The Troubling Landscape of Nigeria’s Tech Startups: A Rising Wave of Closures
Nigeria’s tech startup scene—once heralded as a beacon of innovation and economic potential—now embodies a stark reality of decline. This shift is underscored by the shutdown of several high-profile, venture-backed companies that have failed to navigate the tightening financial landscape. Many of these startups, once buoyed by substantial funding, are now grappling with the harsh realities of poor business models unable to withstand a challenging macroeconomic environment.
The Fall of Lidya: A Case Study in Disruption
One of the most significant casualties is Lidya, a digital lending platform that aimed to empower small and medium-sized enterprises (SMEs) in Nigeria and beyond. Despite attracting approximately $8.3 million in funding, Lidya officially ceased operations in October 2025 due to severe financial distress. In an email to customers, the company revealed its inability to process funds or fulfill claims, a situation that followed persistent customer complaints regarding frozen accounts and malfunctioning services such as Lidya Collect.
The closures came after key personnel, including co-founders Tunde Kehinde and Cristiano Machado, exited the firm, leading to further instability. This case highlights not only the pitfalls of relying on venture capital but also how external pressures can rapidly escalate into operational crises.
The Wider Context: A Kaleidoscope of Closures
Lidya is not alone in its downfall. The recent wave of shutdowns reflects deeper issues within Nigeria’s tech ecosystem, as multiple sectors—ranging from open banking to ed-tech—struggle against a backdrop of macroeconomic instability, infrastructure deficits, and governance challenges.
In early 2025, Edukoya, a promising ed-tech startup, also shut its doors following difficulties in market traction. Having raised $3.5 million in 2021, it faced fundamental adoption challenges, particularly in a market hindered by limited internet access and high costs of digital devices. The statement from Edukoya’s management lamented these barriers, declaring that their target demographic was unable to afford digital educational services, even after initial enthusiasm.
Financial Mismanagement and Leadership Challenges
The wave of closures also unveils a darker side of leadership within the tech sector. Okra, a financial technology provider that secured $16.5 million in funding, quietly shut down in May 2025. The reason? Slow product adoption and regulations that lagged behind market expectations.
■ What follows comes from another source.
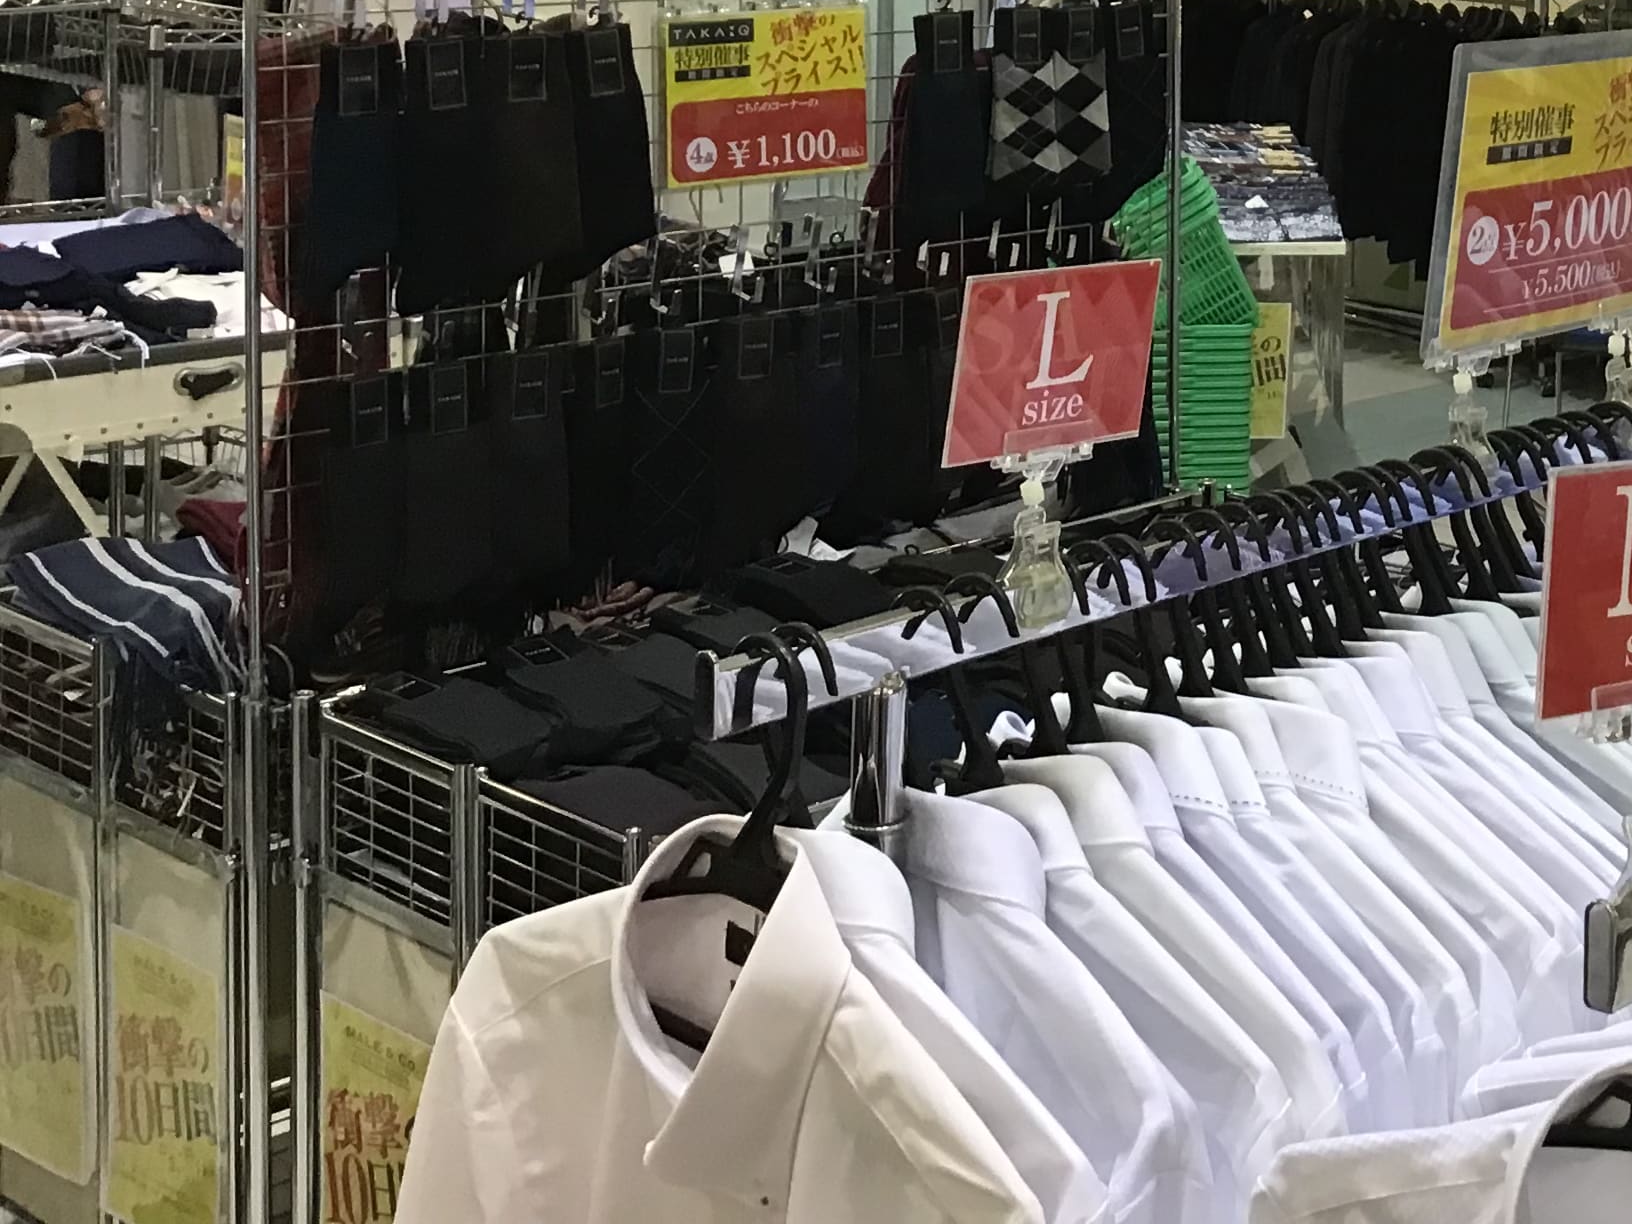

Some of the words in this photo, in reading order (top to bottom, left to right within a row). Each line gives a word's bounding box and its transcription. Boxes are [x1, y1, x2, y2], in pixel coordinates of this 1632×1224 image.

Co-founder Fara Jituboh articulated a lack of viable prospects without a stronger commercial foundation going forward. Their eventual decision to refund investors between $4 million and $5.5 million reflects an increasingly common reality—high-profile funding rounds do not guarantee a sustainable business trajectory.
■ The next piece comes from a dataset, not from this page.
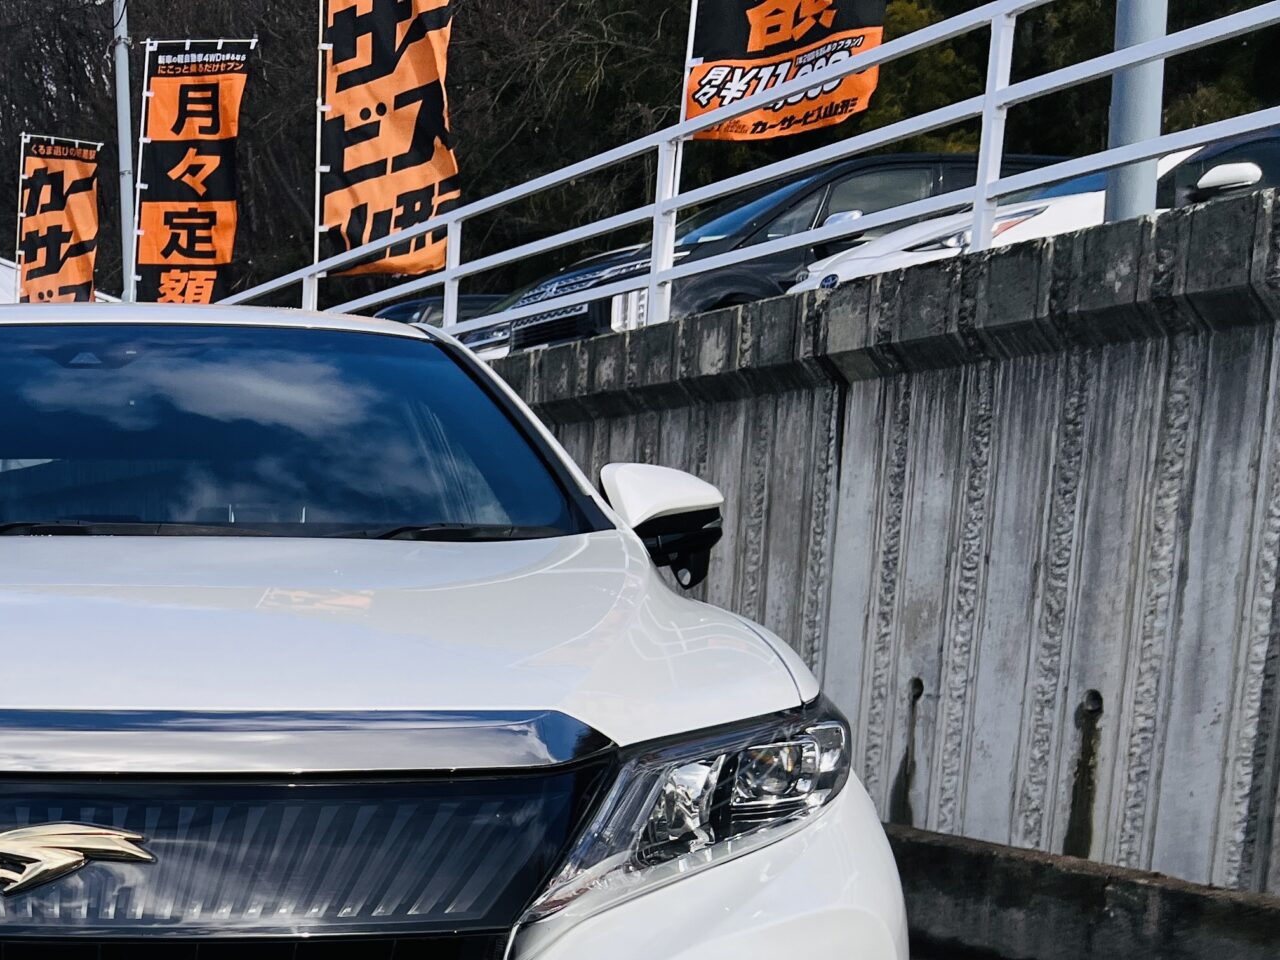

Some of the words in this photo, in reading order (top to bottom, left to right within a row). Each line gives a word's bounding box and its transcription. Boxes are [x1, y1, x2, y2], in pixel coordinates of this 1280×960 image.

[751, 97, 858, 135] カーサービス山形
Another significant player to close its doors was 54gene, a health-tech firm that once raised $45 million to transform genomics research in Africa. The firm faced allegations of financial mismanagement and internal conflicts, culminating in its shutdown in 2023. This marked a prominent downfall, illustrating that even prestigious startup narratives can unravel dramatically.
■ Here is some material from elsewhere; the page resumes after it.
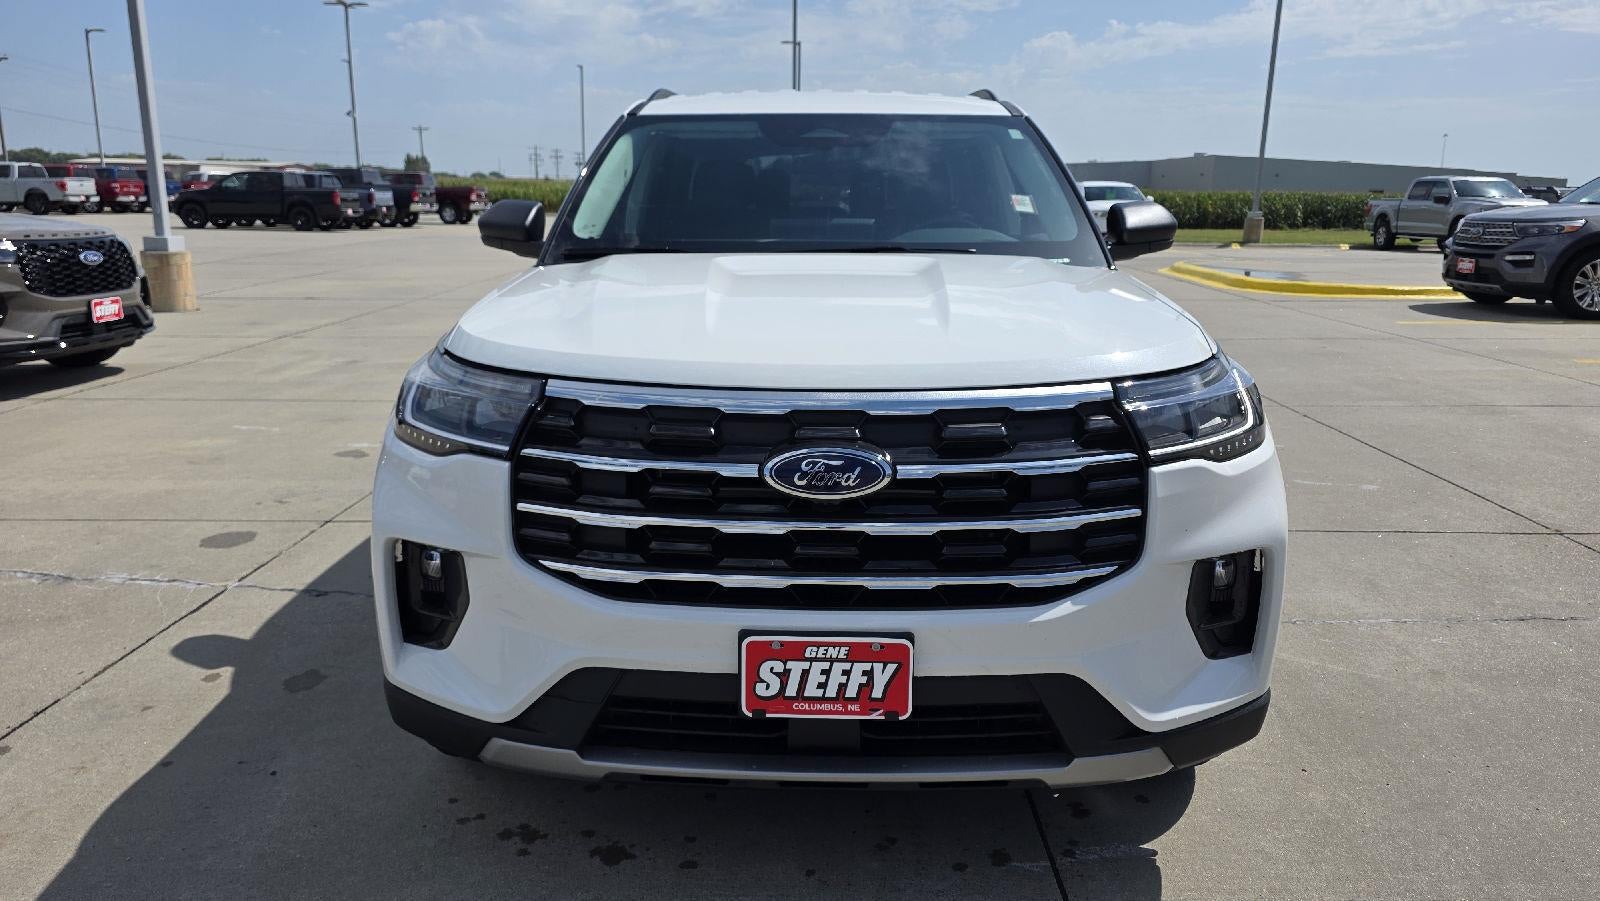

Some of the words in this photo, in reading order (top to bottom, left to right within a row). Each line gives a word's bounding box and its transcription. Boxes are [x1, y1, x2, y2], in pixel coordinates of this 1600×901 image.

The Ripple Effect on the Digital Economy
Across Nigeria’s entrepreneurial landscape, at least six startups that collectively secured over $70 million have folded within a few years. The collapse of entities like Okadabooks—a digital publishing platform that evolved over a decade—further accentuates the challenges. Citing "insurmountable macroeconomic challenges," this pioneer’s exit underscores a growing fear among tech leaders: that the once-thriving ecosystem is growing increasingly inhospitable.
With these recent developments, it becomes evident that simply raising capital no longer assures success. The wave of closures serves as a reminder that innovative ideas and substantial funding must be supplemented by sound business practices and a thorough understanding of market dynamics. The harsh reality now confronting Nigeria’s digital economy pushes us to reevaluate the sustainability of its startup ecosystem.
This scenario invites a broader discussion on how emerging entrepreneurs can adapt and innovate in the face of challenging conditions, along with the need for refined strategies that account for the unique market conditions in Nigeria.